The book could profit from greater attention to the way in which politics has become a major channel of social mobility and to the changing role of political notables. The linear model of political ideology which permeates the book in terms of a continuum from “revolution” to “conservatism” (p.126) could be fruitfully replaced by a triangular model, which would make the passage of individuals from Marxism to Fascism shorter and more comprehensible. Despite the author’s provisos relating to the persistence of “democratic practices and attitudes” during the period surveyed, one can surely question the emphasis which he has attached to this conclusion. The lengthy periods of emergency rule, the position of the Tamil minorities, the government control of the major newspapers from the early 1970’s, the recent extensions in the repressive apparatus, and, above all, the alacrity with which political leaders from all the parties indulge in punitive acts whenever the situation permits, all these features call for a more substantial modification of this argument.

Finally, both author and readers must face up to the fact that the value of this book as a window to contemporary Sri Lanka is undermined by the march of events. Several perceptive insights (but not all) are rendered obsolete by the radical re-structuring of the constitution and the electoral system effected by the UNP government elected in 1977; while the implications of such events as the break-up of the SLFP/Old Ieft coalition in 1975 and 1977, and the release of the JVP leadership from jail by the UNP in 197′ will, undoubtedly work themselves out in ways that re-shape the political scene. Indeed, it is in depicting trends during the 1970’s that the book is at its weakest. Inadequate attention is paid to the reconstitution of the social base of the UNP since 1973 and the role of the Wahumpura caste within it. The festering dissatisfaction of the Ceylon Tamils, evident enough in the early 1970’s, is lightly treated: so that readers are ill prepared for the recent upsurge of a terrorist group devoted to a Tamil separatist state; and as a result of which the author can, incorrectly conclude that the move towards “communal adjustment” demanded by the decolonisation had been satisfactorily (by force!!) achieved by 1962 (pp. 340-341).

But this deterioration in the review of events in the mid 1970’s is surely understandable. In sum, this is a judicious and readable political history. It does not serve the uninitiated alone. There is much within it for the aficionados.

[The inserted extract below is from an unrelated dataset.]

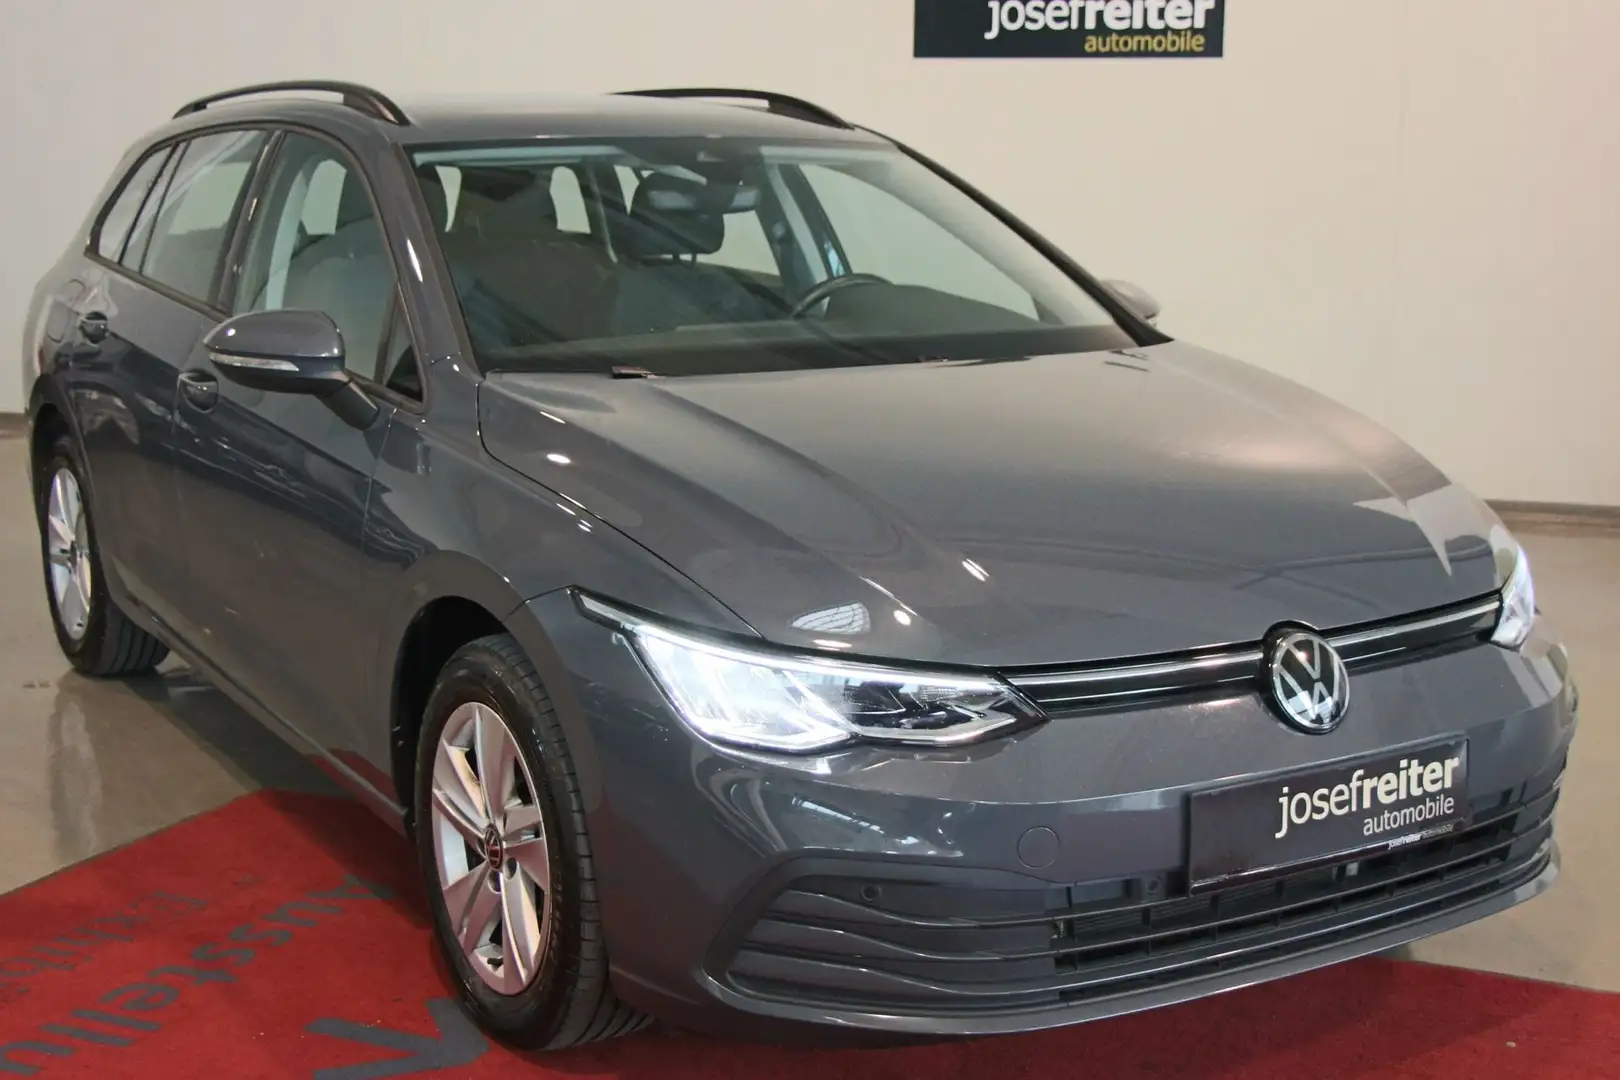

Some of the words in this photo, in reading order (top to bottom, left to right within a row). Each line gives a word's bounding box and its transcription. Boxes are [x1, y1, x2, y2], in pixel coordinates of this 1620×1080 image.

[984, 0, 1216, 40] josefreiter
[1084, 31, 1205, 52] automobile
[1275, 756, 1460, 839] josefreiter
[1363, 795, 1455, 836] automobile
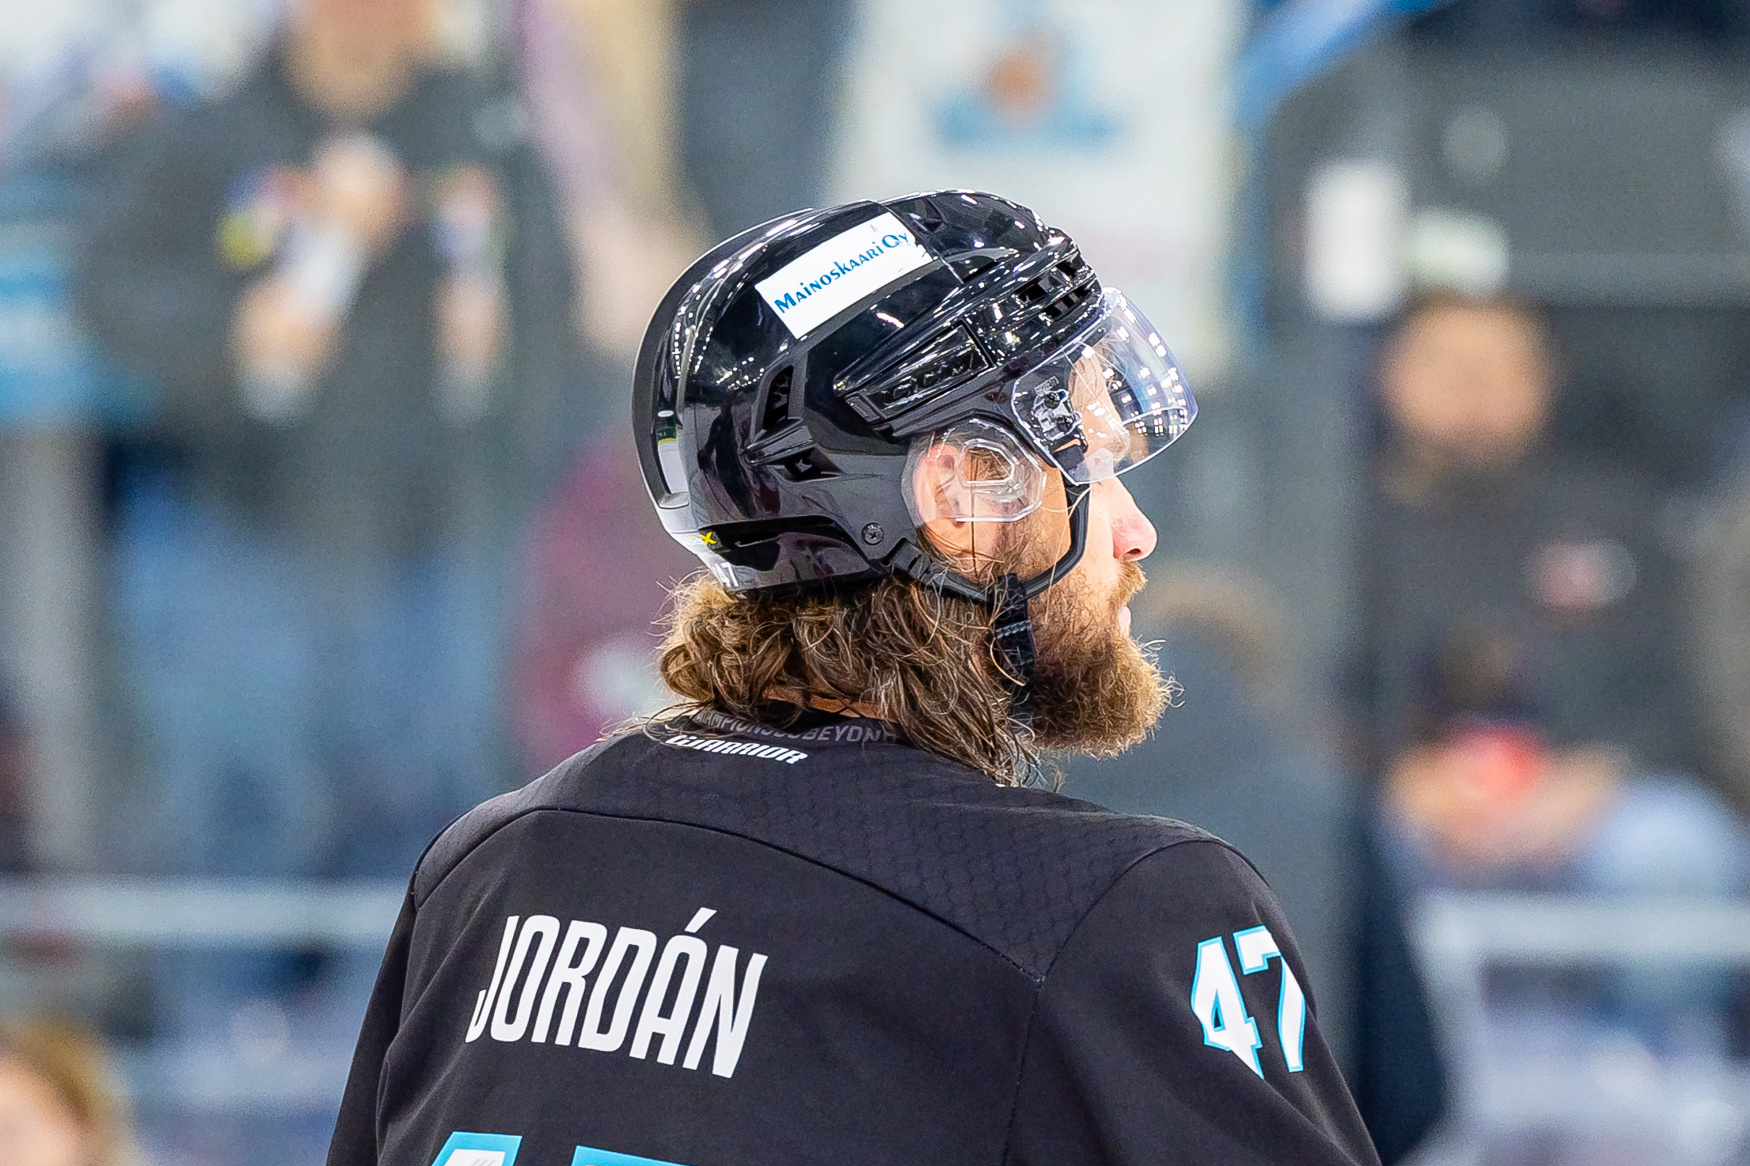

TWO: “Strategy of Internal Relations: An Examination of the Conflict in Ceylon,” by S. Perinbanayagam & Maya Chadda in Nationalism and the Crises of Ethnic Minorities in Asia By Tai S. Kang

Abstract: Strategic considerations have been applied to the analysis of relationships between units within the internationsl system. Such applications were based on a general theory of strategy derived from – or at least connected to – an equally general social psychological theory. Hence the theory of strategy can be applied to any interactional system and process – interpersonal, inter-group, inter-community, inter-state or international. Such an application is made here to the relationship between two ethno-linguistic communities in Ceylon that have been in conflict for over two decades. It is argued that had the leadership of the communities thought in strategic terms and prosecuted their interactions accordingly, certain manifestations of conflict could have been obviated. It is suggested that hence we can speak of clever and wise performers in leadership roles – those who anticipate the full implications of the activities they are pursuing at the moment, and stupid performers, who do not. In the language of game theory: it is incumbent on performers to distinguish between zero-sum games and mixed-motive games; to be unable to do so is to bring disaster on themselves and the causes they represent.